Our HelpDesk role is based on another role, e.g. HelpDeskParent. The HelpDesk menus are limited via the UiMetaModel/EntRoleTypeInclusion. But the audit trail view seems to be visible for HelpDesk based on the HelpDeskParent's permissions alone. In the case of an audit trail view, that's fine/desired. But are there other features that behave similarly to the audit trail view and its corresponding button in the UI -- i.e. things that aren't restricted for child roles via UiMetaModel/EntRoleTypeInclusion? OR -- is there a way to restrict views or other non-menu-controlled features for the child role? (I'm starting to wonder whether our HelpDesk role should become a peer to HelpDeskParent at some point in our future development...)
Thank you in advance!
Generally speaking, with the exception of the UI Meta Model, role inheritance is fundamentally *additive*. So when I create Role "Child" that is a sub type of Role "Parent", then Role "Child" will get all the permissions of "Parent", plus you can assign more. But with the exception of the UI Meta Model (i.e. menu items), you can't *remove* permissions from "Child" which are present in "Parent". So if your HelpDeskParent role has *more* permissions than you want to grant to HelpDesk, then you are probably going in the wrong direction.

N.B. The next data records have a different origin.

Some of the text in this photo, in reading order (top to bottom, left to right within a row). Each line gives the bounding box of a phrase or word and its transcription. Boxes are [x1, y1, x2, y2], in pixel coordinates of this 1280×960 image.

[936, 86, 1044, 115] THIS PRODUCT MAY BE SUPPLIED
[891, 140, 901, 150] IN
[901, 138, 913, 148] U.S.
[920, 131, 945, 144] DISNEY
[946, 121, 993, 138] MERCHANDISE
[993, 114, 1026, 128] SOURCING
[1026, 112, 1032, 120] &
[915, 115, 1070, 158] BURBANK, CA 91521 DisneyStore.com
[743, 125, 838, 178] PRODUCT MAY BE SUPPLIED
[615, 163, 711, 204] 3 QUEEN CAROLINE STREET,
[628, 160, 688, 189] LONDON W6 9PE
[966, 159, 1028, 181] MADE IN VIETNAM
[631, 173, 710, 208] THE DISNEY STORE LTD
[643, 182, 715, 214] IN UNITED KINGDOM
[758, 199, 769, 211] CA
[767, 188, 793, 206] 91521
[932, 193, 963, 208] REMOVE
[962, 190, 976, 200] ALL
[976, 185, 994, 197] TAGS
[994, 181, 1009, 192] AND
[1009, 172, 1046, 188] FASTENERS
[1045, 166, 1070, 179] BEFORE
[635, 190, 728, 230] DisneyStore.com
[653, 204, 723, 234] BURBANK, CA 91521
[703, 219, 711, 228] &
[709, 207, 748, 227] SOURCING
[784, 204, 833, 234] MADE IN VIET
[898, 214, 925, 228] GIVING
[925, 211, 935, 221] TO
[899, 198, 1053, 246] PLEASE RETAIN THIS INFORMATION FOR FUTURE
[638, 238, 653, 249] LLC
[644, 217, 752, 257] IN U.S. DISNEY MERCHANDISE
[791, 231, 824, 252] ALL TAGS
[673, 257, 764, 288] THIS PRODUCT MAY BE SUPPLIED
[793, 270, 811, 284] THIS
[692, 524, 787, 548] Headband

Part of the reason we used additive permissions is the fact that we allow multiple inheritance of roles. You can create a role which inherits from several other roles, and it will get the Union of permissions across all those roles. If we were to allow removals, this would become a spaghetti-like web of adds & removes which wouldn't be comprehensible, but the simple additive rule (union) is easy to understand.

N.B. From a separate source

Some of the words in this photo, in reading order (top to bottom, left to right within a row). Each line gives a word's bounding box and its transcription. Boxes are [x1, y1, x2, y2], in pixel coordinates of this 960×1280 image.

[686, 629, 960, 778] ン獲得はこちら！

You could consider going another way ... for example, if you want a HelpDesk role, and another role that does what HelpDesk does plus more, then you could have that second role be "based on" HelpDesk, and then you can add more permissions to the second role. Or you could have both HelpDesk and the second role inherit from a common ancestor which contains the permissions you always want both to have, and then each one adds any remaining permissions they require.
With all that being said, there is one exception that does allow removals - that is Enterprise Role Types. The key difference between Enterprise Role Types and regular role types, is that Enterprise Role Types sit at the "top" of the stack of inheritance - no-one can extend an Enterprise Role Type (not even another Enterprise Role Type). That is why in the Enterprise Role Type UI, we allow both adds/removes both for menus/actions/etc. So that's a final option you could consider, e.g. have your HelpDeskParent role, and then create an Enterprise Role Type which removes perm from HelpDeskParent to produce HelpDesk.